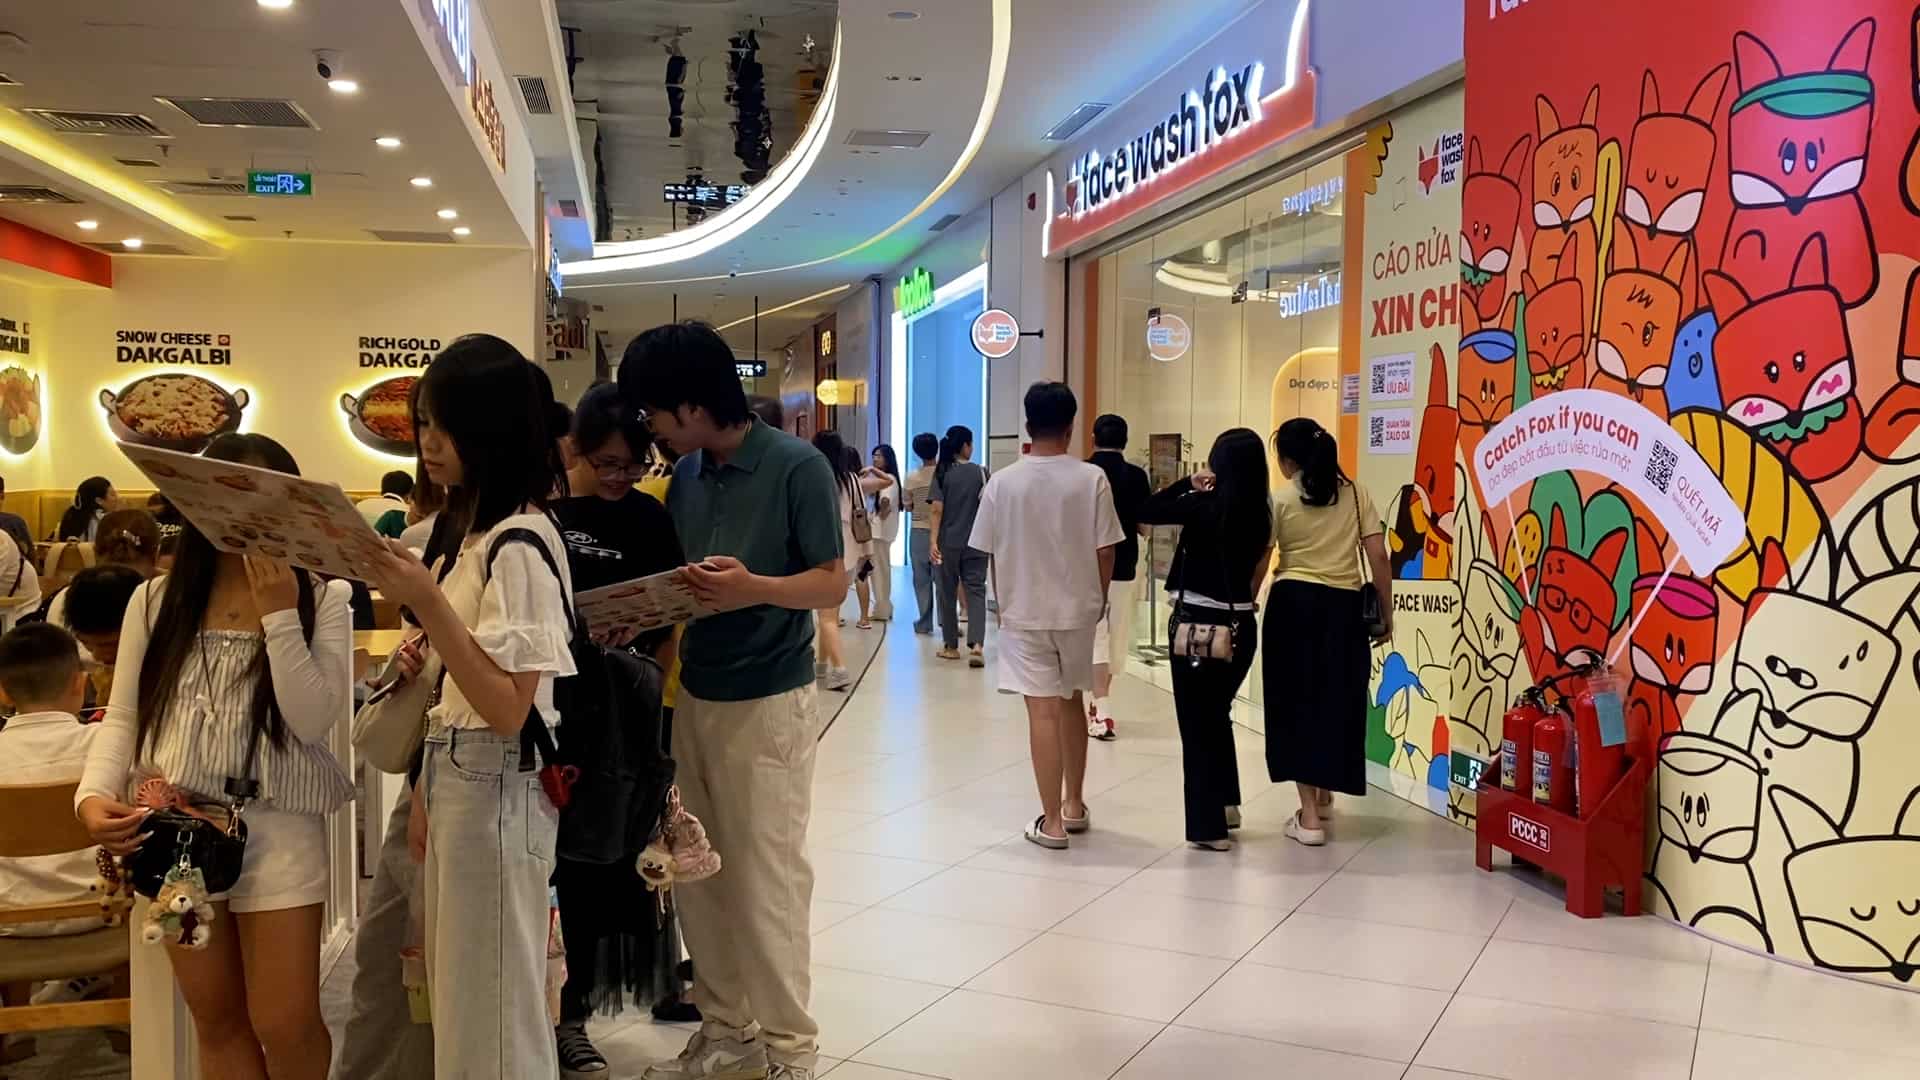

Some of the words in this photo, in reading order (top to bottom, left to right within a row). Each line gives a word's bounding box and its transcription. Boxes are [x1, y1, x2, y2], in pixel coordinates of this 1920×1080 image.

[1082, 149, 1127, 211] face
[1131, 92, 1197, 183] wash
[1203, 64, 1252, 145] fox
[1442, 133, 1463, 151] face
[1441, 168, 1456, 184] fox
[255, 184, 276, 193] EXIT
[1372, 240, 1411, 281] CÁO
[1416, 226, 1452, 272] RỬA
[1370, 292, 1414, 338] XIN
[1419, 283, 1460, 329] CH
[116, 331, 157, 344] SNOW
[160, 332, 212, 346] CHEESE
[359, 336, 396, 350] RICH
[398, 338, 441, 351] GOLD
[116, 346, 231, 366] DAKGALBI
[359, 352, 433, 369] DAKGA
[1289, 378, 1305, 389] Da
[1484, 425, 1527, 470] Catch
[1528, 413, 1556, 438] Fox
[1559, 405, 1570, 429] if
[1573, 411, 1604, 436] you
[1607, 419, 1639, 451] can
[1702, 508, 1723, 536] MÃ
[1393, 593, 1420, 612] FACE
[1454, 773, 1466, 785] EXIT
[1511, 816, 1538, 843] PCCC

_Instructions to follow_. Repeat the listing in full and exactly. Leave any pictures out.

_Your solution_.
Some of the words in this photo, in reading order (top to bottom, left to right within a row). Each line gives a word's bounding box and its transcription. Boxes are [x1, y1, x2, y2], in pixel coordinates of this 1920×1080 image.

[1082, 149, 1127, 211] face
[1131, 92, 1197, 183] wash
[1203, 64, 1252, 145] fox
[1442, 133, 1463, 151] face
[1441, 168, 1456, 184] fox
[255, 184, 276, 193] EXIT
[1372, 240, 1411, 281] CÁO
[1416, 226, 1452, 272] RỬA
[1370, 292, 1414, 338] XIN
[1419, 283, 1460, 329] CH
[116, 331, 157, 344] SNOW
[160, 332, 212, 346] CHEESE
[359, 336, 396, 350] RICH
[398, 338, 441, 351] GOLD
[116, 346, 231, 366] DAKGALBI
[359, 352, 433, 369] DAKGA
[1289, 378, 1305, 389] Da
[1484, 425, 1527, 470] Catch
[1528, 413, 1556, 438] Fox
[1559, 405, 1570, 429] if
[1573, 411, 1604, 436] you
[1607, 419, 1639, 451] can
[1702, 508, 1723, 536] MÃ
[1393, 593, 1420, 612] FACE
[1454, 773, 1466, 785] EXIT
[1511, 816, 1538, 843] PCCC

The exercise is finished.